About Us

Welcome to our blog of our 2013 trip. We Have been camping since our honeymoon. Each summer we take a trip to a new part of our country. We try to stop at local fairs & festivals, take tours of manufacturing plants, do a little kayaking, and try to get an up close look at how people live! Join us! This Bog runs from our most recent post backwards. At the end of this year,I have left the past years blog. Double click on any picture to get a larger image. These are all low res versions. If you see one you really like, let me know and I'll send you a better image.
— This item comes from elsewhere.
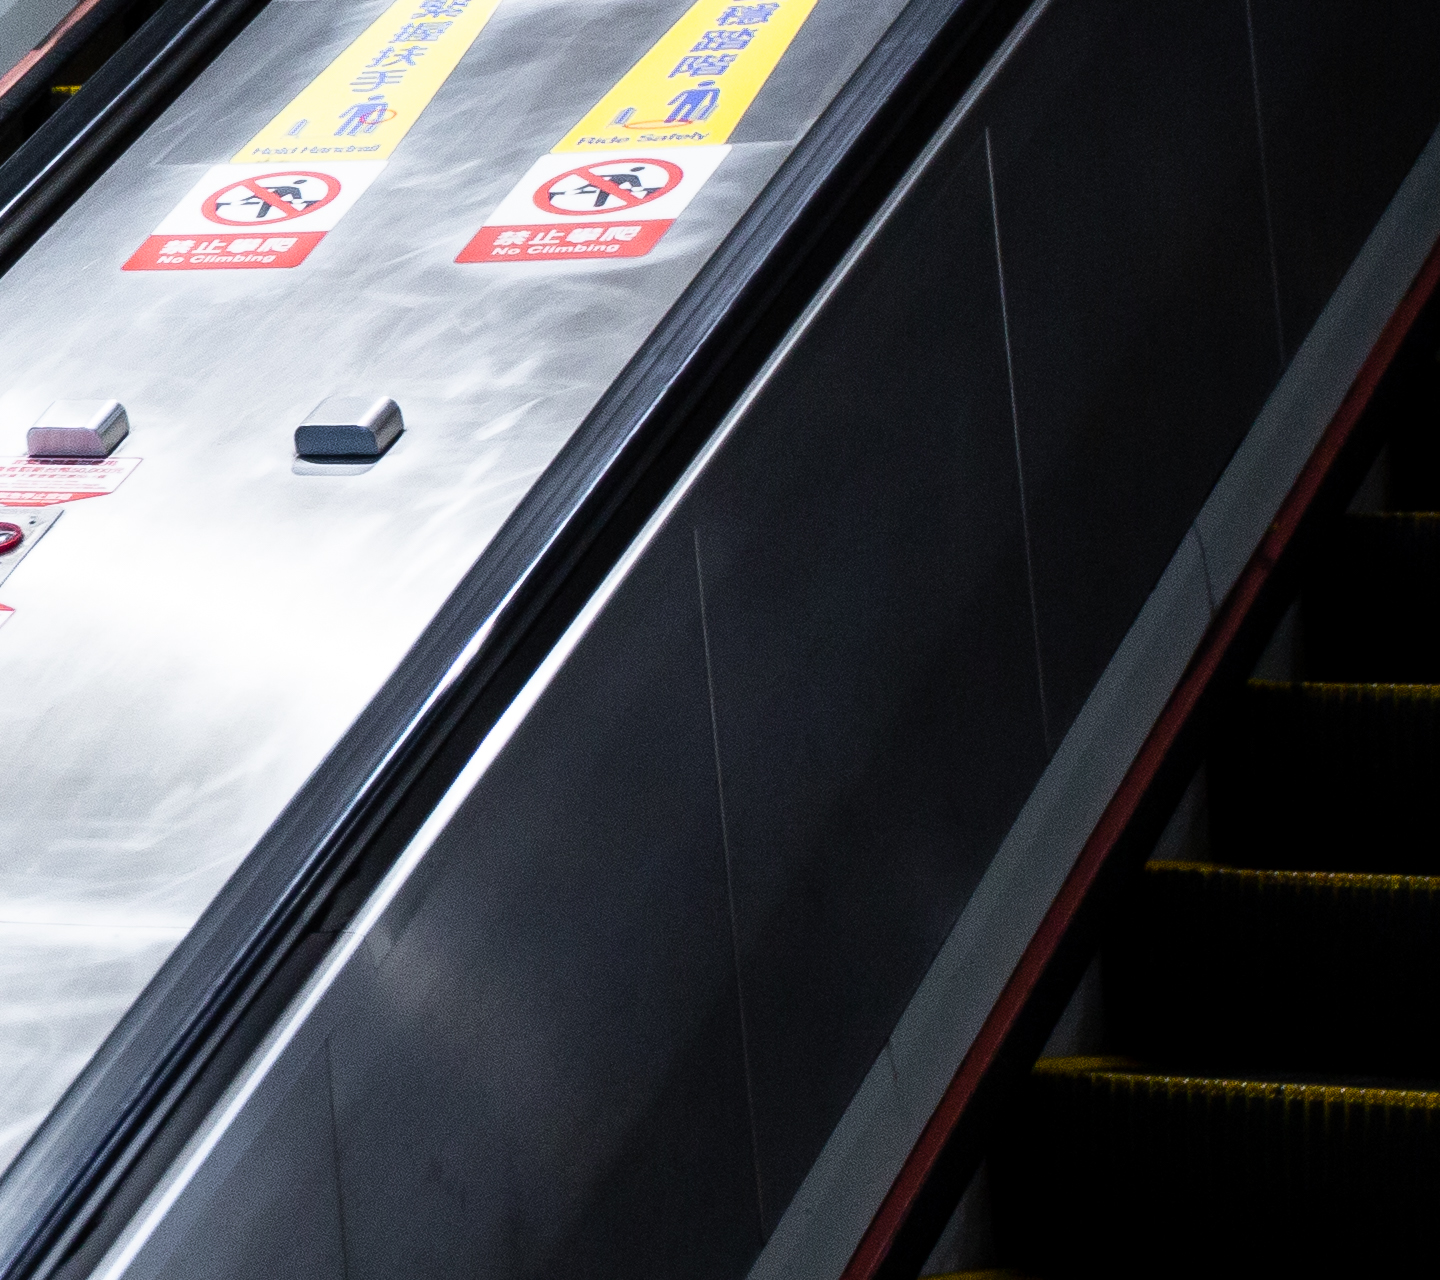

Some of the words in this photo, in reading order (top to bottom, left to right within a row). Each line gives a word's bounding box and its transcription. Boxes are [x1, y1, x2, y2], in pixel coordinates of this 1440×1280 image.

Liz & Bruce on the way to Minnesota, last year

Wednesday, July 11, 2012

July 10


On Tuesday, we decided to run over to Austin to visit the Spam Museum. George Hormel was a German immigrant who started a meat packing company in 1891. He was quite forward thinking for a meat packer, an industry where making sausage was actually creating  a new “product”. His son Jay C. had more marketing interest, and Hormel grew and prospered through the Depression. Hormel was the first meat packer to offer a year around wage package, giving workers knowledge that they would have a steady income for the year. One of his innovations was Hormel “Dairy” brand canned meats. Dairy, because Hormel’s Hogs came from southern MN where the farmers fed their stock better quality feed which reportedly included milk.
When Jay came up with the idea of a canned, spiced, pork shoulder and ham lunchmeat, he held a contest in town to name it, and Spam was chosen. WWll came, & Spam production was diverted to feed the troops overseas. The methods and the recipe was given by our govt. to other canners who produced supposedly the same product. So the Spam our soldiers complained about, was not always Hormel’s product! Regardless of the complaints, there was always a supply of Spam for the soldier, a great source of protein. After the war, Jay hired BBDO, the big NY ad agency to promote Hormel’s products. He launched the “Hormel Girls”, and began radio advertising on Geo. Burns and Gracie Allen’s show.
The museum offered a self-guided, tongue in cheek, humorous walk through the Hormel family, as well as the company’s history, heavy on the Spam. Geo. walked away from the company he founded and moved to Bel-Air CA, mostly for health reasons before the war . He and his wife wanted to do something for the young women of Austin, so they gave their fine home to the YWCA, who used it for years. When it became impossible to continue use for that purpose due to laws and regulations, the YWCA gave it back to the town for restoration.




The home is in fine condition, and to tour it is to tour my grandmother’s home. This house was built in 1871, remodeled in 1927 after the Hormel’s bought it, and was used by Geo. and his wife to entertain guests, both business and social. They regularly held shareholder meetings there! The house was very relaxed. We were encouraged to wander around at our leisure and pickup and handle most of the furnishings. They added a conference/reception center on the back of the house in 2009, which helps to support the operation of the house, and keep it open. Altogether a neat experience.